RECORD EXTRACTS Block Start
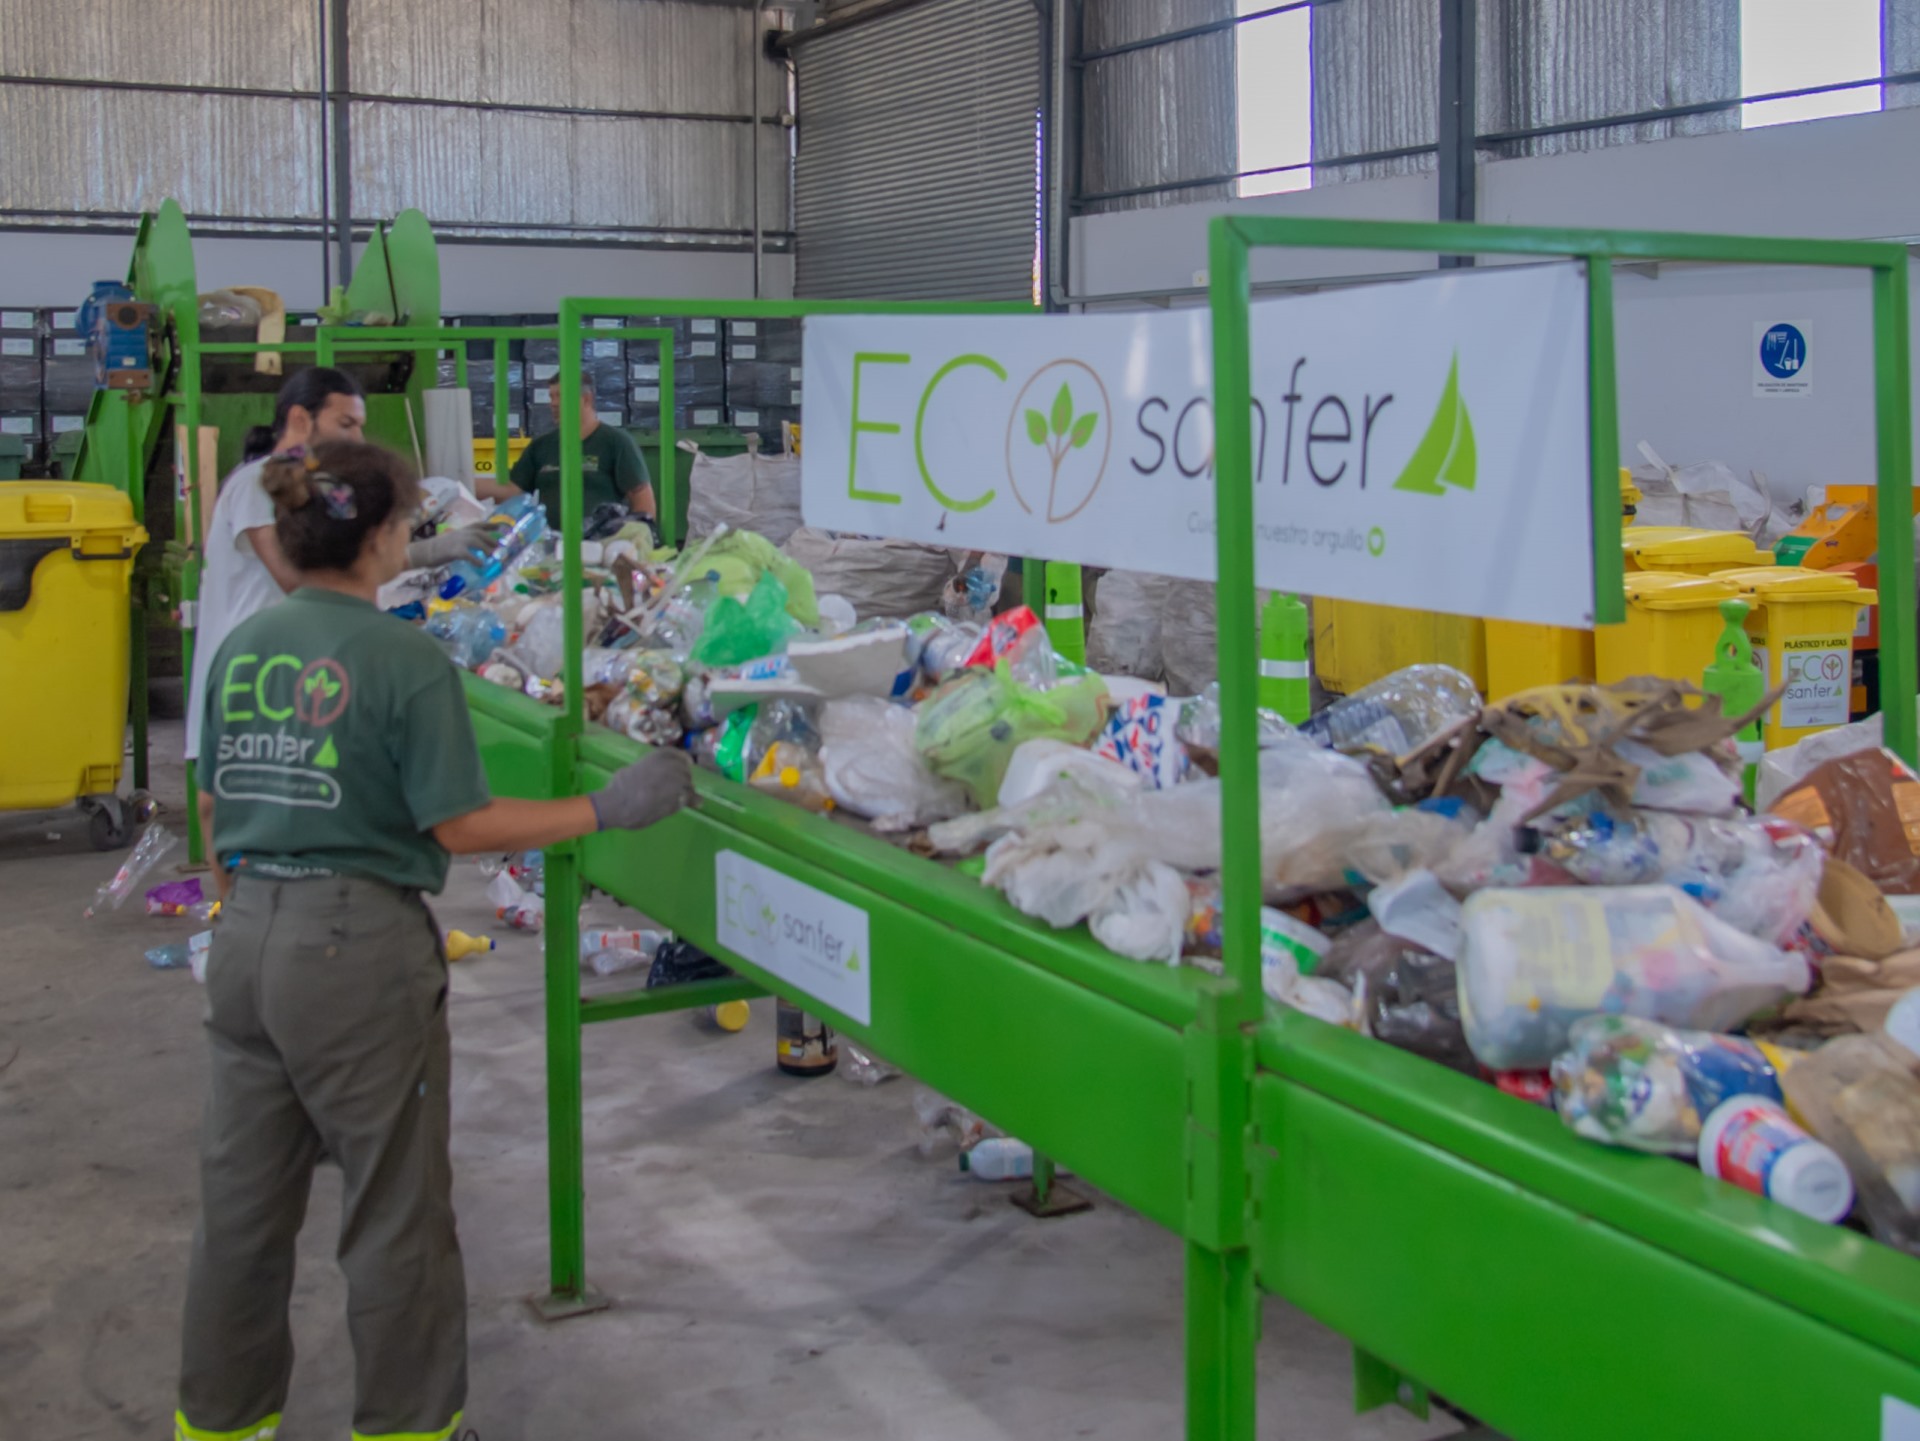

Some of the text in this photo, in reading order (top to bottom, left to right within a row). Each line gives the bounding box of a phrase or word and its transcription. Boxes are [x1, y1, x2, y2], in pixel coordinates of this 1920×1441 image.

[848, 351, 1393, 523] ECO sanfer
[1312, 525, 1364, 554] orgullo
[221, 654, 350, 727] ECO
[1787, 684, 1832, 699] sanfer
RECORD EXTRACTS Block End
What's needed is an exact copy of every entry, free of pictures.

Some of the text in this photo, in reading order (top to bottom, left to right within a row). Each line gives the bounding box of a phrase or word and its transcription. Boxes are [x1, y1, x2, y2], in pixel coordinates of this 1920×1441 image.

[848, 351, 1393, 523] ECO sanfer
[1312, 525, 1364, 554] orgullo
[221, 654, 350, 727] ECO
[1787, 684, 1832, 699] sanfer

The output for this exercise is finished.